Although Muldoon et al.’s (2013) analytic approach is an attempt to identify the significance of change parameters associated with NL error signatures directly, the restricted time period of the study may have limited the ability to identify a change model. Moreover, the restriction associated with latent growth curve modeling per se may have also affected outcomes. Latent growth curve analysis requires changes to occur in a systematic manner (i.e., linear, quadratic) for convergence and model fit. Of course there is no a priori guarantee that these conditions will be met for any set of changing relationships.

Praet and Desoete (2014) examined how notation format, intelligence and language skills influenced 0–100 NL estimation at five time points from Kindergarten to Grade 2. Three formats were used to present NL targets: Arabic numerals, spoken/written number words, and dot patterns. Latent growth curve models revealed significant variability in NL estimation accuracy at Kindergarten and that accuracy increased from T1 to T5 with little variability between children for both Arabic numerals and number words. NL estimation accuracy with dot patterns showed similar significant initial variability but also showed significant variability in change of accuracy between children from T1 to T5. Intelligence measured at Kindergarten was a significant covariate predicting both initial percentage absolute error (PAE) in NL estimation, as well as a decrease in PAE from Kindergarten to Grade 2. Language skills measured at Kindergarten also predicted initial variability in PAE in NL estimation but not change over time. However, similar to Muldoon et al. (2013), latent growth curves were specified to change as a linear slope (constant rate) across all time points and only a single NL range was used (0–100 NL).

The different analytic models allow different plausible inferences to be made about NL error signatures. Compared to linear regression analyses, CLPM, LeFevre et al. (2013) provide a characterization of the stability of NL error patterns over time. A useful feature of CLPM is longitudinal associations between a measure and itself at a later time point are taken into account by specifying autoregressive effects (i.e., influence of prior performance on current performance). Autoregressive effects may be useful for examining the persistence of NL error signatures across time (and possibly across task) and whether current performance is best understood in the context of previous performance. Linear regression models do not allow for a characterization of these effects.

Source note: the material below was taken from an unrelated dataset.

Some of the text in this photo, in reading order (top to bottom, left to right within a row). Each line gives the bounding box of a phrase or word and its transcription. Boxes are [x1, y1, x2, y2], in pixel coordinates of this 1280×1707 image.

Nevertheless, CLPMs do not take into account the effects of prior changes on performance (since the focus is on stability or otherwise of measures over time). There are two difficulties associated with an inability to specify change per se as a parameter in CLPM. First, predictions may over- or under-estimate “direct” (e.g., the influence of “x” on “y”) and “indirect” (e.g., “x” influences “y” though its impact on “z”) effects and their interrelationships are unlikely to be static across time. Second, the interpretation of change itself is not straightforward in CLPMs, given that measures of current performance are likely to be conflated with the accumulated effects of prior changes, both within and across test measures. The aim of the present study is to overcome these limitations using a latent different score model (LDS).

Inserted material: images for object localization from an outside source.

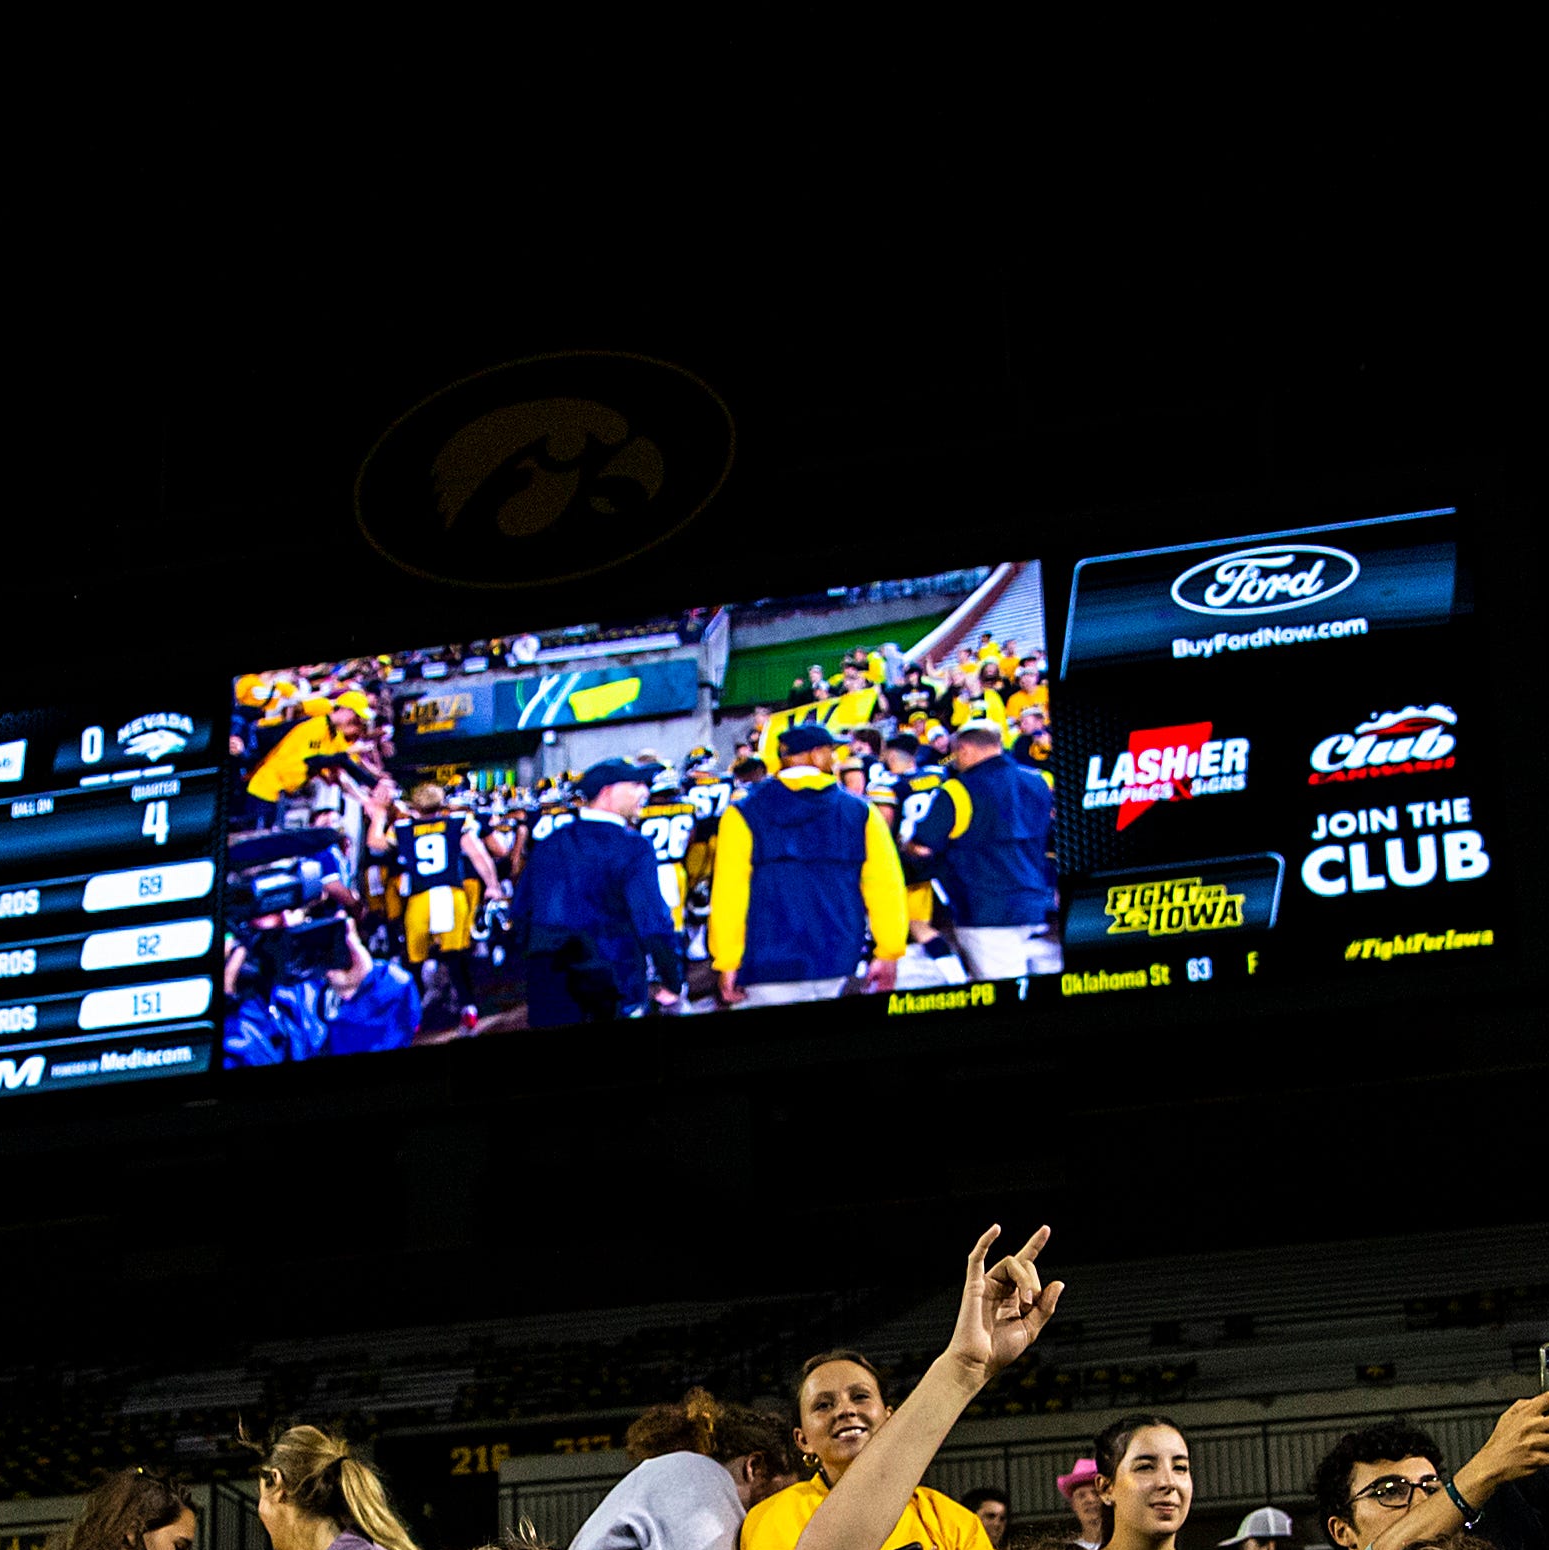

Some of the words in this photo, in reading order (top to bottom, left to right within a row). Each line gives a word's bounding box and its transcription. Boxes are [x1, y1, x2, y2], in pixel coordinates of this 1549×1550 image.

[1204, 553, 1325, 607] Ford
[1172, 618, 1368, 658] BuyFordNow.com
[81, 725, 105, 764] 0
[1085, 738, 1250, 790] LASHIER
[1309, 725, 1457, 773] Club
[142, 801, 170, 845] 4
[1311, 803, 1397, 841] JOIN
[1407, 796, 1472, 830] THE
[414, 834, 448, 875] 9
[1300, 830, 1490, 897] CLUB
[1109, 880, 1199, 911] FIGHT
[1151, 898, 1241, 932] IOWA
[137, 934, 162, 957] 82
[1015, 978, 1028, 1001] 7
[1061, 967, 1147, 998] Oklahoma
[1150, 964, 1171, 987] St
[132, 993, 163, 1015] 151
[100, 1046, 193, 1072] Mediacom

Three issues currently limit the value of NL estimation as an index of later math difficulties: (1) 0–100 NL and 0–1000 NL tasks are rarely assessed together to determine whether children show similar learning across these different number ranges, (2) NL estimation abilities and math problem solving are often assessed at a single time point, limiting conclusions regarding their relationship over time, and (3) even when NL abilities have been examined longitudinally, change in NL error signatures time has been inferred from statistical outcomes, rather than evaluated as part of a developmental model. The present study is designed to overcome these three limitations by examining NL error signatures on different NL tasks over time and by testing the viability of a LDS change model (McArdle, 2009; Coman et al., 2013).

In this study we use a LDS model to assess change and/or stability in NL error signatures over time (see Analytic Approach section for further model descriptions). Specifically, “change” in LDS models is defined as an explicit model parameter (i.e., the change score or latent difference), which is defined as the difference in scores between adjacent time points. When specified in this way, variance associated with the previous test occasion is removed from the change parameter. A benefit of this procedure is that “changes” between test occasions can be interpreted as independent of the accumulated changes from the initial start point (McArdle, 2009; Coman et al., 2013).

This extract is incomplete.